**RECORDS TO USE**
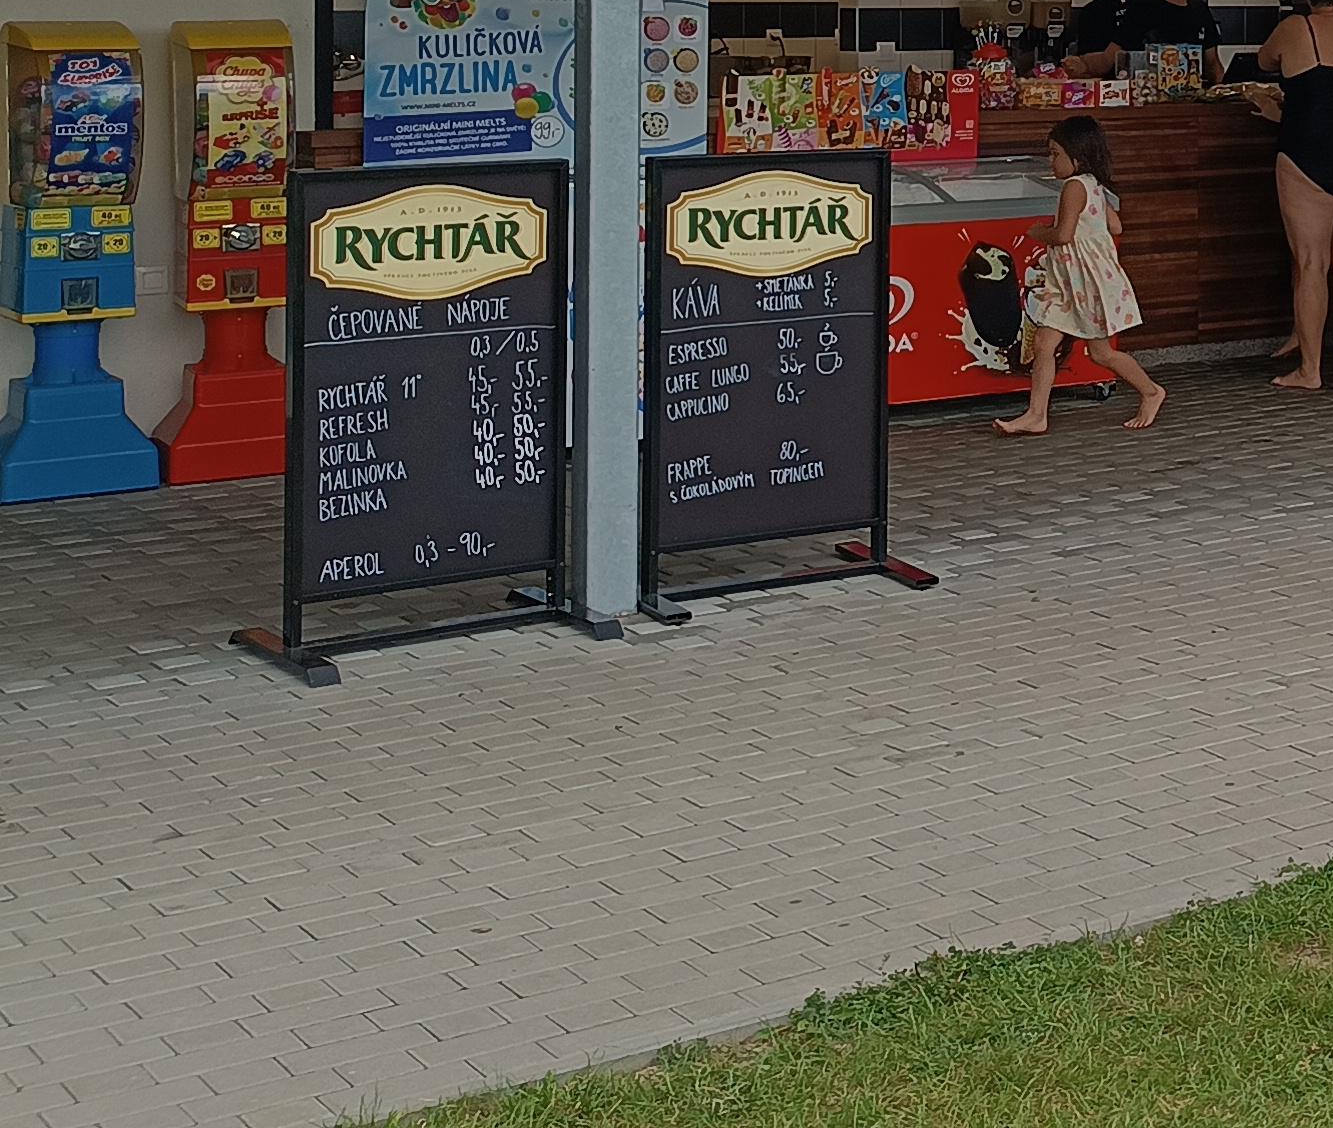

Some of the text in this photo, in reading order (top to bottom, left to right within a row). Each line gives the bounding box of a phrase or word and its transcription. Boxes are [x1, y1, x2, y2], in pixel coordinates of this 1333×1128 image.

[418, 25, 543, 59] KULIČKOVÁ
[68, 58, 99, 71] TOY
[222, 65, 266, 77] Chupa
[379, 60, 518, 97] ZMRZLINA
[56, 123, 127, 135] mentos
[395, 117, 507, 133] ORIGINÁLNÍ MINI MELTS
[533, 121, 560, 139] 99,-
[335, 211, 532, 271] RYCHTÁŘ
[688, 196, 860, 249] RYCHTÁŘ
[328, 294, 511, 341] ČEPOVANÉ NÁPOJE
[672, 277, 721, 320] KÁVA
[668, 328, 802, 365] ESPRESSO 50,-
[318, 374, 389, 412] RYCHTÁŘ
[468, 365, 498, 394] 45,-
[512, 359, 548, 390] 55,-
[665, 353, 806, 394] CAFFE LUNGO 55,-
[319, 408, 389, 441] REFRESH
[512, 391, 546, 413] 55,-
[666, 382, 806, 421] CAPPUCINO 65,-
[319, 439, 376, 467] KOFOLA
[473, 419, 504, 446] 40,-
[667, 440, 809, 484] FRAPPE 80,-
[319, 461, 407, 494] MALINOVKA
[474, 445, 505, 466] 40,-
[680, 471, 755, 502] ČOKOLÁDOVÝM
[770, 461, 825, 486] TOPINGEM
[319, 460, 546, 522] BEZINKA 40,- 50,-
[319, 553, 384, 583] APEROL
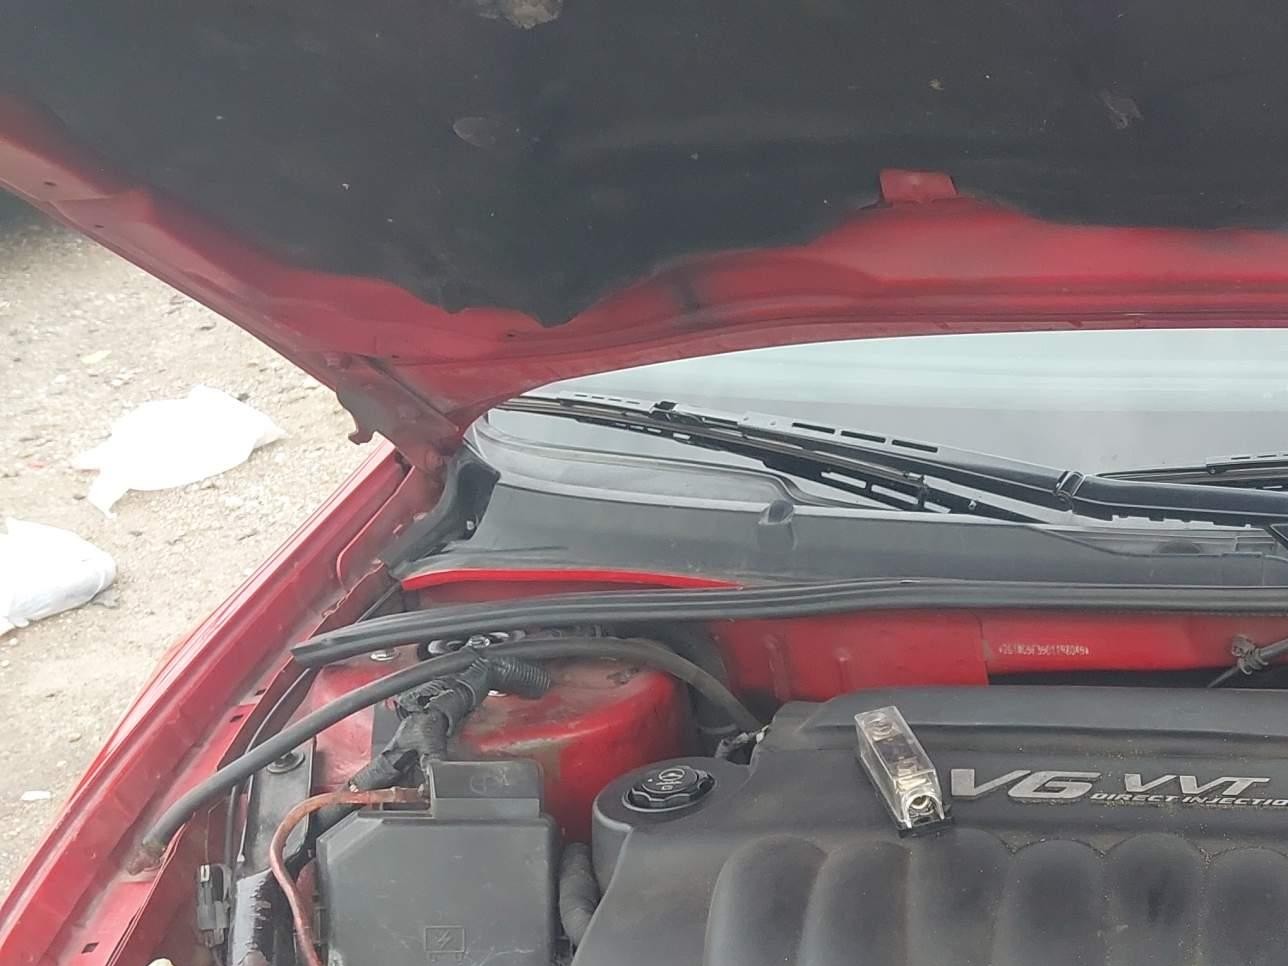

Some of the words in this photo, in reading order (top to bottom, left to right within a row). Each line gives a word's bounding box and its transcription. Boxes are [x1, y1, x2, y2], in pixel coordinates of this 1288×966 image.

**TASK TO COMPLETE**
When you copy the lines above, drop the pictures and keep everything else exact.

**YOUR RESPONSE**
Some of the text in this photo, in reading order (top to bottom, left to right within a row). Each line gives the bounding box of a phrase or word and its transcription. Boxes are [x1, y1, x2, y2], in pixel coordinates of this 1333×1128 image.

[418, 25, 543, 59] KULIČKOVÁ
[68, 58, 99, 71] TOY
[222, 65, 266, 77] Chupa
[379, 60, 518, 97] ZMRZLINA
[56, 123, 127, 135] mentos
[395, 117, 507, 133] ORIGINÁLNÍ MINI MELTS
[533, 121, 560, 139] 99,-
[335, 211, 532, 271] RYCHTÁŘ
[688, 196, 860, 249] RYCHTÁŘ
[328, 294, 511, 341] ČEPOVANÉ NÁPOJE
[672, 277, 721, 320] KÁVA
[668, 328, 802, 365] ESPRESSO 50,-
[318, 374, 389, 412] RYCHTÁŘ
[468, 365, 498, 394] 45,-
[512, 359, 548, 390] 55,-
[665, 353, 806, 394] CAFFE LUNGO 55,-
[319, 408, 389, 441] REFRESH
[512, 391, 546, 413] 55,-
[666, 382, 806, 421] CAPPUCINO 65,-
[319, 439, 376, 467] KOFOLA
[473, 419, 504, 446] 40,-
[667, 440, 809, 484] FRAPPE 80,-
[319, 461, 407, 494] MALINOVKA
[474, 445, 505, 466] 40,-
[680, 471, 755, 502] ČOKOLÁDOVÝM
[770, 461, 825, 486] TOPINGEM
[319, 460, 546, 522] BEZINKA 40,- 50,-
[319, 553, 384, 583] APEROL

Some of the words in this photo, in reading order (top to bottom, left to right within a row). Each line gives a word's bounding box and its transcription. Boxes are [x1, y1, x2, y2], in pixel coordinates of this 1288×966 image.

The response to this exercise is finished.